How Important is Font and Typeface in Channel letters?

A client’s choice of font and typeface to use in the LED Channel Letters advertising their business is important. Potential customers make an instant connection with the logo they see and need to have the best possible first impression of a brand. The same degree of care used in the choice of font and typeface for promotional mailings should apply to that used in exterior advertisement.

Typefaces can suggest a wide range of emotions through their shape and style, as well as how they are used in a sign, conveying mood or character as reliably as handwriting.

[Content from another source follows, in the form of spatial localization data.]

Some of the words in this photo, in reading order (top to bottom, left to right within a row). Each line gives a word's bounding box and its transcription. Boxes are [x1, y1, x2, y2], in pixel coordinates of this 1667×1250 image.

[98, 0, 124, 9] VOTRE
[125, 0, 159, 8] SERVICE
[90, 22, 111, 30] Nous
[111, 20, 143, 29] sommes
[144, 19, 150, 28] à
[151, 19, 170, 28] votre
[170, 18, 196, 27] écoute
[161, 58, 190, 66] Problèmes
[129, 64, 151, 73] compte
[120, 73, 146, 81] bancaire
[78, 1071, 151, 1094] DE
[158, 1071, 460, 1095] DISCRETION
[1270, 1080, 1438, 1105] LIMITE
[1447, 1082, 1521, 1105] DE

The style and shape of the letters chosen should live up to the attitude meant to project.

Different fonts have different effects on the human eye, and different connotations. Italicized text expresses emphasis.

According to a recent survey of designers, the five most popular fonts in use for LED Channel letters are as follows.

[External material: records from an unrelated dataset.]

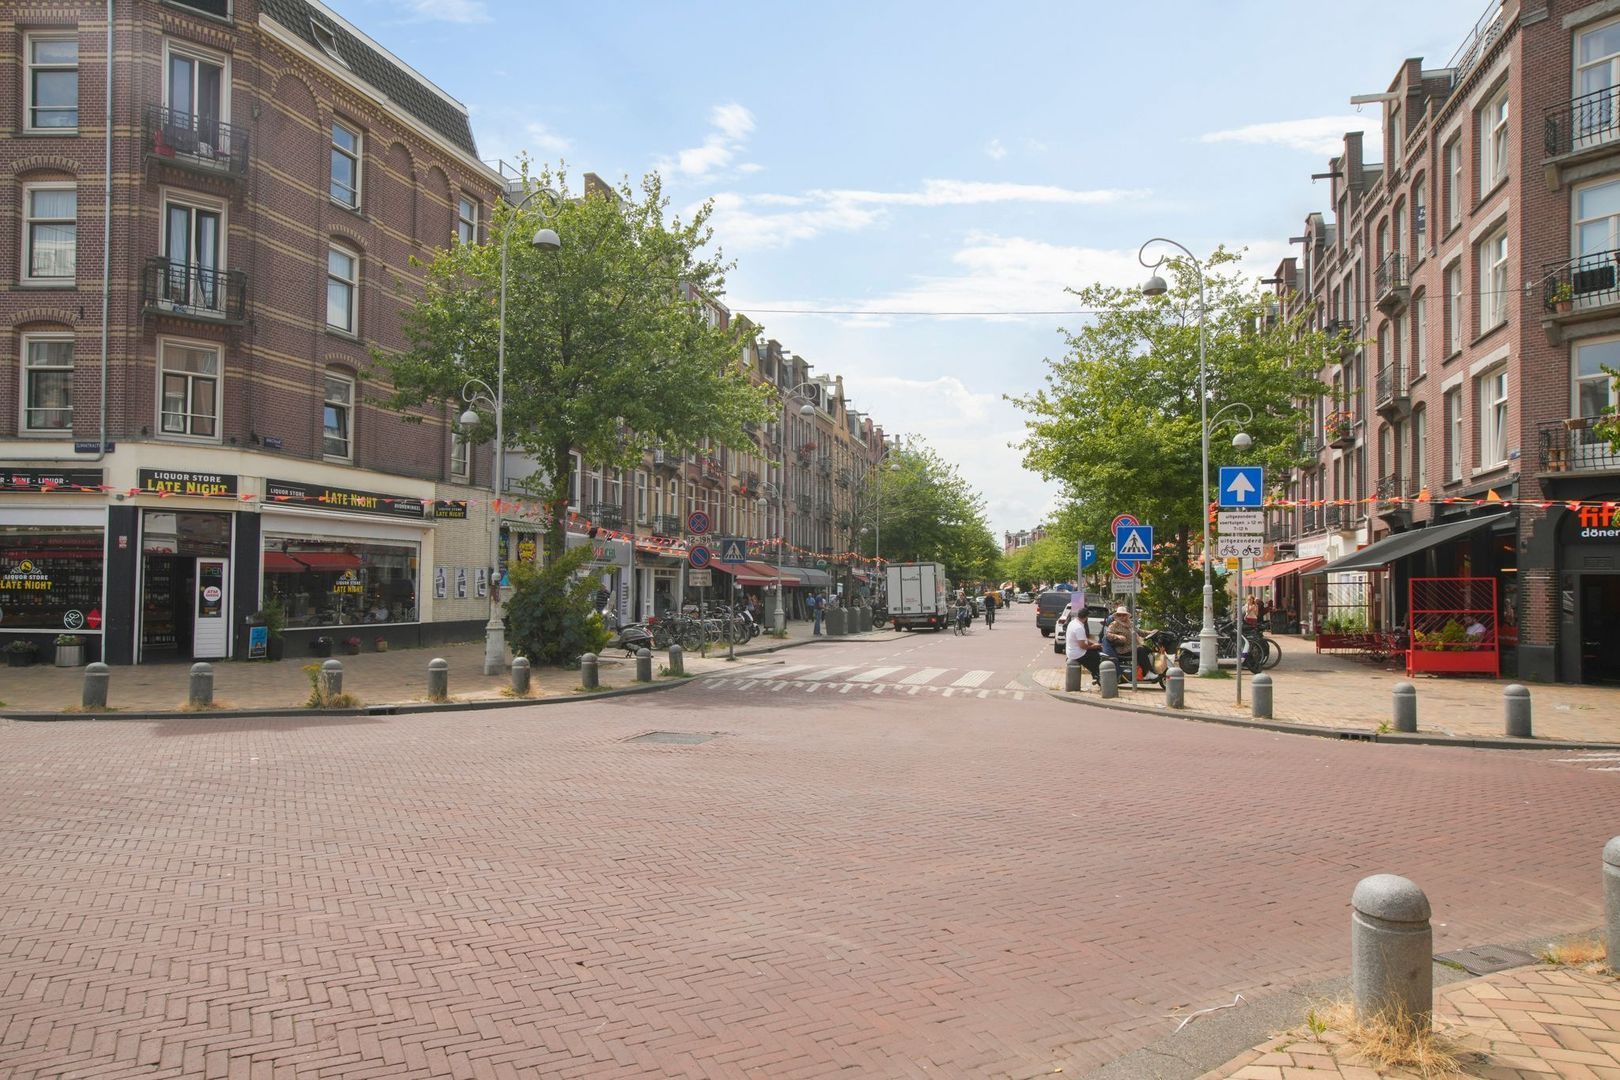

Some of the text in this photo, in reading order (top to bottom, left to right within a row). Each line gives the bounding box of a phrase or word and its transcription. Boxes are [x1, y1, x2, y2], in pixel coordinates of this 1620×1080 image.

[154, 472, 221, 483] LIQUOR STORE
[147, 479, 227, 495] LATE NIGHT
[325, 490, 348, 505] LATE
[1085, 551, 1092, 560] P
[0, 580, 52, 590] LATE NIGHT
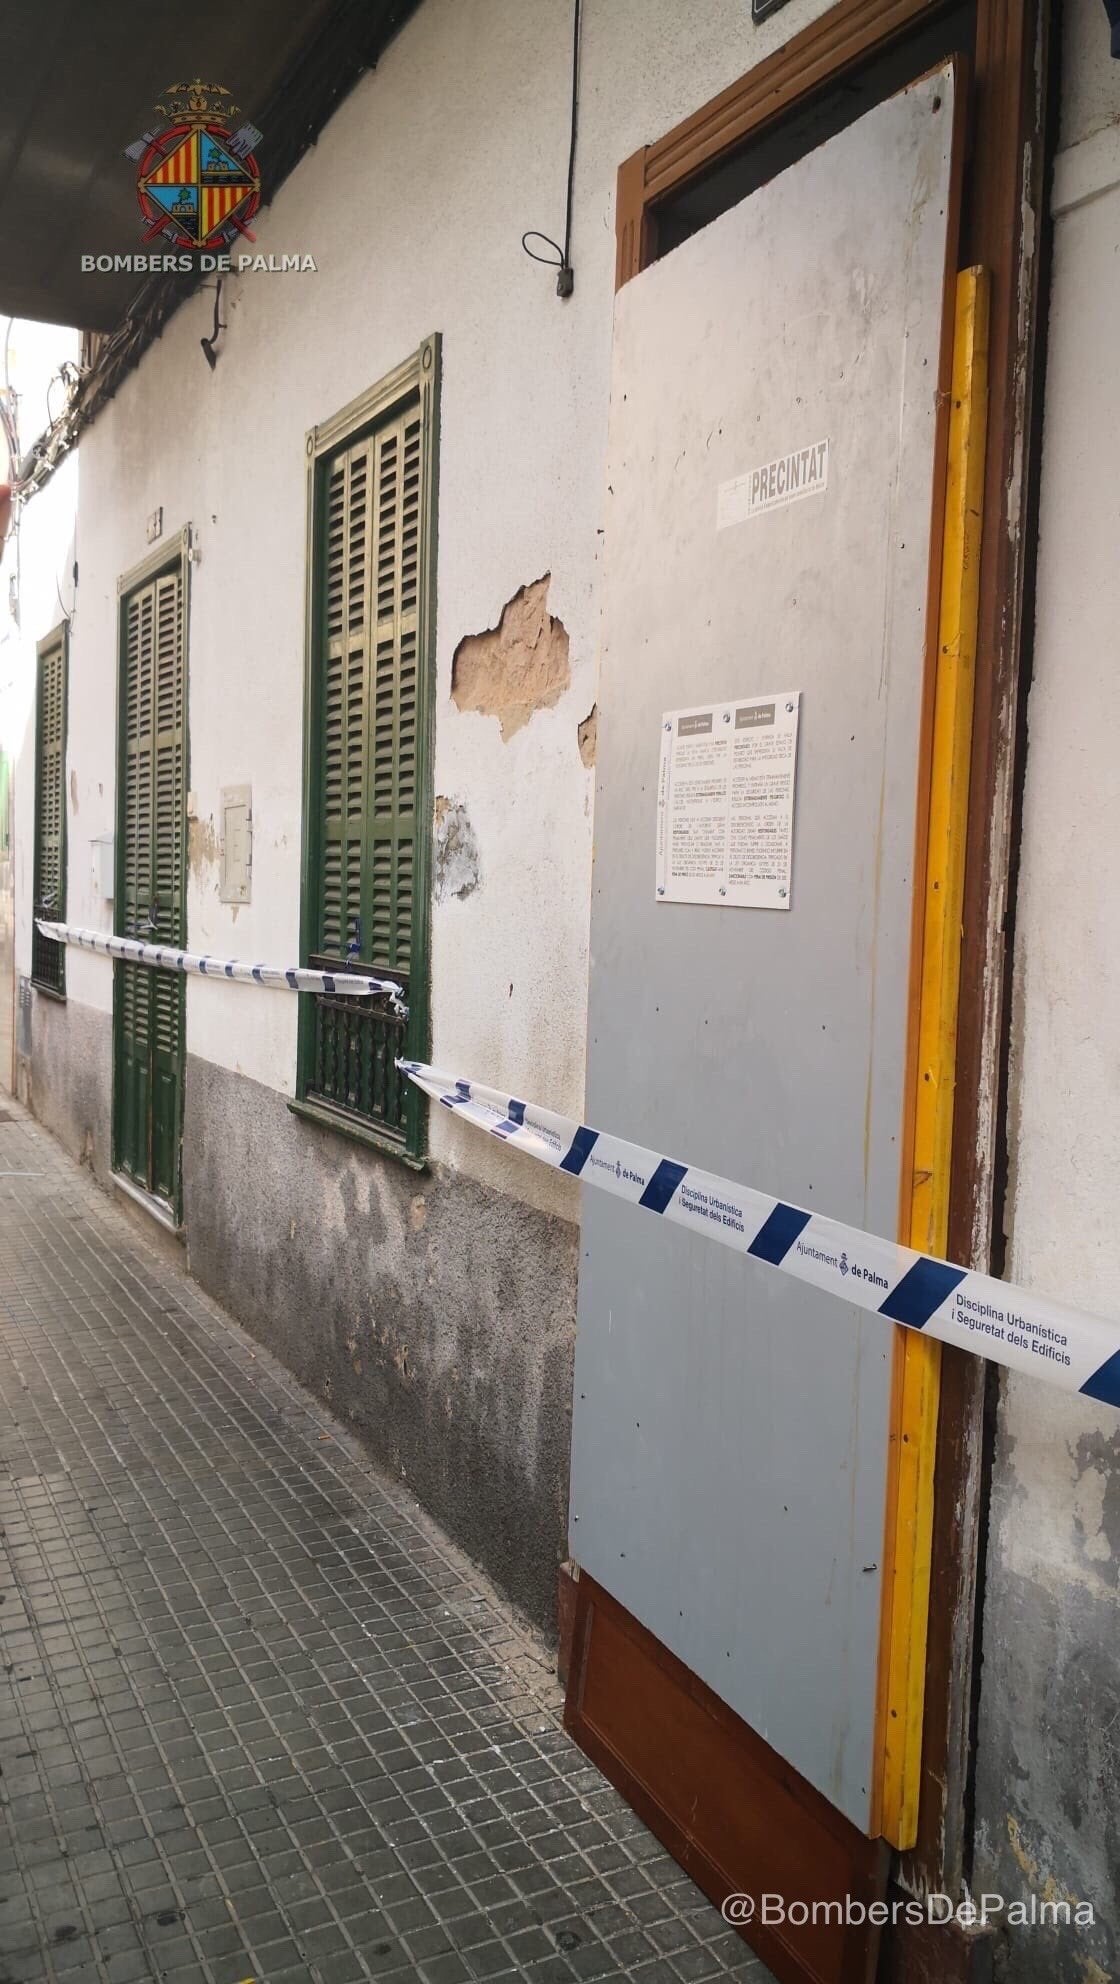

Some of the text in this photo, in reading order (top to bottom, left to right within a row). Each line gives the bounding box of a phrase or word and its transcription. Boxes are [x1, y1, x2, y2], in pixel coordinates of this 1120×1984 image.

[751, 442, 827, 505] PRECINTAT
[590, 1154, 645, 1186] Ajuntament de Palma
[681, 1184, 743, 1218] Disciplina Urbanística
[681, 1197, 709, 1218] Seguretat
[709, 1209, 722, 1224] dels
[722, 1213, 745, 1233] Edificis
[796, 1241, 889, 1289] Ajuntament de Palma
[956, 1293, 1068, 1346] Disciplina Urbanística
[957, 1310, 1005, 1341] Seguretat
[1007, 1331, 1029, 1349] dels
[1031, 1340, 1072, 1366] Edificis

    • Helvetica, designed by Max Miedinger over 50 years ago—which is currently being used by corporations like 3M, American Airlines and many others. Lots of negative space around the letters and created to be a neutral typeface.
    • Futura, which has been around since 1927, used by IKEA, Volkswagen. Has an appearance of efficiency and forwardness.
    • Garamond, created some 470 years ago for the French King Francis. Slim font with wide capitals.   
    • Bodoni, around for over 300 years, mostly used for posters and displays
    • Frutiger, created by Adrian Frutiger, intended to be clear and legible at a distance

Everyone has different taste in signs, and every business wants a different result from its chosen signage. Make sure letters and words are spaced evenly to show their separateness. Work with your client to select the clearest font most indicative of the image needed to project the brand, perhaps white on a black background for maximum viewability at a distance.

Keep in mind, cursive script might look great on a wedding invitation, it may be harder to distinguish from across a parking lot, unless complimented by an emblematic icon or a mascot— help the clients choose something simple, memorable and unique to symbolizing their brand’s personality.